Lord Byron hizo una pausa. Rebecca lo miró fijamente.
—No lo comprendo… —dijo por fin.
Lord Byron cerró los ojos.
—Me sentía burlado —dijo en tono pausado.
—¿Burlado?
—Sí… mis esperanzas habían sido sometidas a burla.
Rebecca enarcó las cejas.
—¿Se refiere a su búsqueda del principio de la vida?
—¿Ve lo vacías y melodramáticas que suenan siempre esas palabras? —dijo lord Byron sonriendo amargamente. Movió la cabeza de un lado a otro—. Sin embargo, yo había creído que estaba exento. Era un vampiro, al fin y al cabo. ¿Quién era yo para decir lo que era imposible? Pero aquella mañana, de pie junto al lago, mientras se esparcían las cenizas de mi hoguera de libros, lo único que sentí fue impotencia. Tenía grandes poderes, sí, pero ahora sabía que había otros con poderes aún mayores, y más allá de nosotros, insondable, el universo. ¿Cómo podía albergar esperanzas de encontrar el inicio de la vida? Era una ambición sin esperanza, una ambición más apropiada para un cuento gótico, alguna historia de ciencia-ficción o de fantasía. —Lord Byron hizo una breve pausa y torció los labios en una sonrisa—. Así, el odio que sentía por el pacha, por mi creador, al que al parecer yo era incapaz de destruir, ardía con más fuerza que nunca. Yo anhelaba una confrontación final y fatídica. Pero el pacha, como un auténtico dios, se ocultaba ahora de mí.

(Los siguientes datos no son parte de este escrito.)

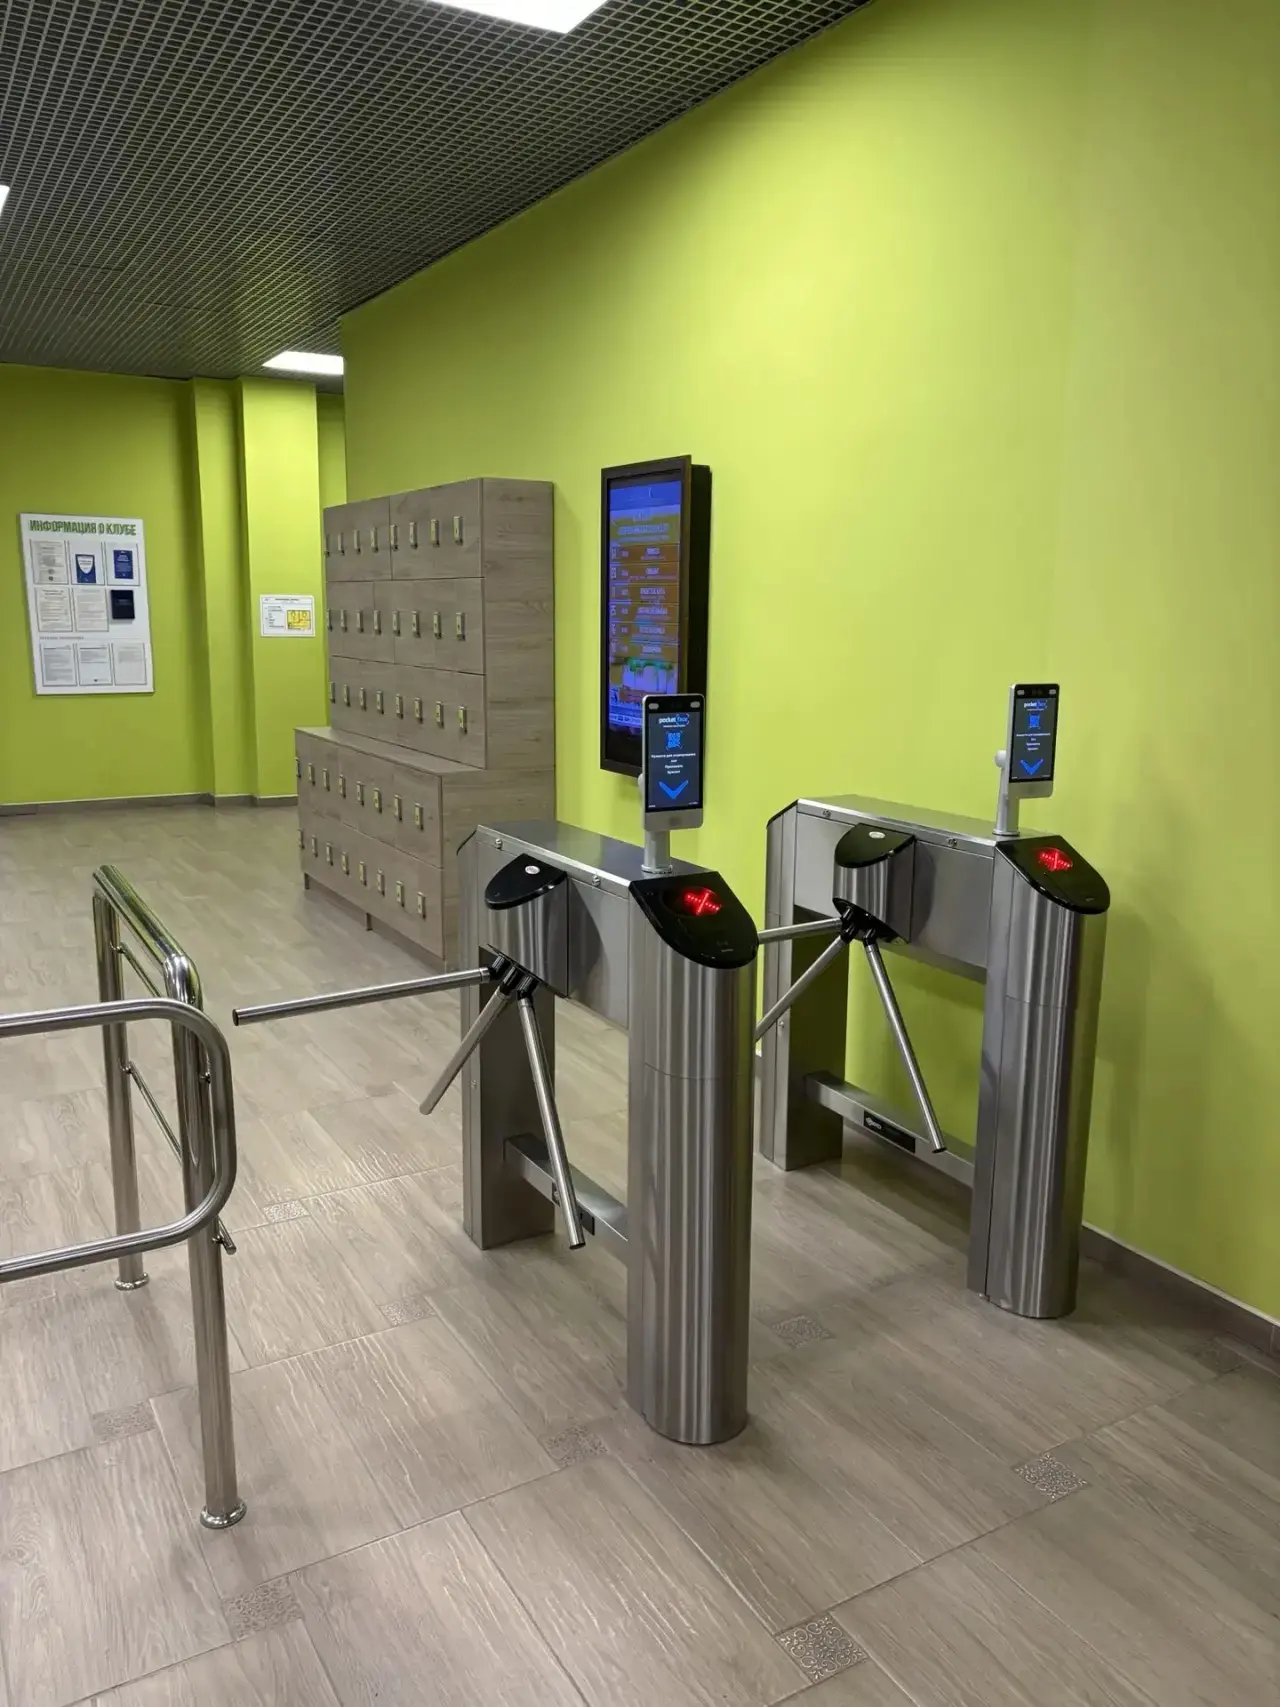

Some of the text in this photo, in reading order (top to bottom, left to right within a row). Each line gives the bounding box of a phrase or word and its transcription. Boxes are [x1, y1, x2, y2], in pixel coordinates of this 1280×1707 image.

[29, 519, 137, 536] ИНФОРМАЦИЯ О КЛУБЕ

»La inquietud empezó a corroerme de nuevo. Pensé en partir hacia Italia, pero la reticencia que sentía a separarme de Shelley era demasiado grande; en lugar de eso fuimos de excursión alrededor del lago. Aún anhelaba dar mi sangre a Shelley para convertirlo en un vampiro como yo, pero ya no deseaba imponérselo por la fuerza. Mi odio hacia el pacha me servía de aviso; no quería lo que él había obtenido: el odio eterno por parte del ser que había creado. Así que decidí tentar a Shelley insinuándole lo que podría darle; le susurraba oscuros y extraños misterios. ¿Me entendía Shelley? Quizá… quizá, sí… ya entonces. Ocurrió en cierta ocasión, cuando íbamos en barca por el lago. Se levantó una tormenta. Se rompió el timón. Estábamos convencidos de que íbamos a hundirnos. Me quité la chaqueta, pero Shelley se quedó quieto, sentado, y se limitó a mirarme fijamente.
»—¿No lo sabía usted? —me dijo—. No sé nadar.
»—Entonces déjeme que lo salve —le grité intentando cogerlo; pero Shelley se echó hacia atrás.
»—Me da miedo cualquier don de vida que proceda de usted —me dijo.
»—Se ahogará.
»—Más que de eso, tengo miedo de…
»—¿De qué, Shelley? ¿De la vida? —le pregunté sonriendo.
»Se aferró a los bordes de la barca y se quedó mirando hacia las aguas; luego levantó de nuevo la vista hacia mis ojos.
»—Tengo miedo —me dijo— de ser arrastrado hacia abajo, abajo, abajo.
»Y se quedó sentado donde estaba, con los brazos cruzados, y entonces comprendí que yo había fracasado, por lo menos durante aquel verano. La tormenta amainó, la barca quedó a salvo y nosotros también. Ninguno de los dos mencionó lo sucedido. Ahora yo estaba preparado para irme a Italia.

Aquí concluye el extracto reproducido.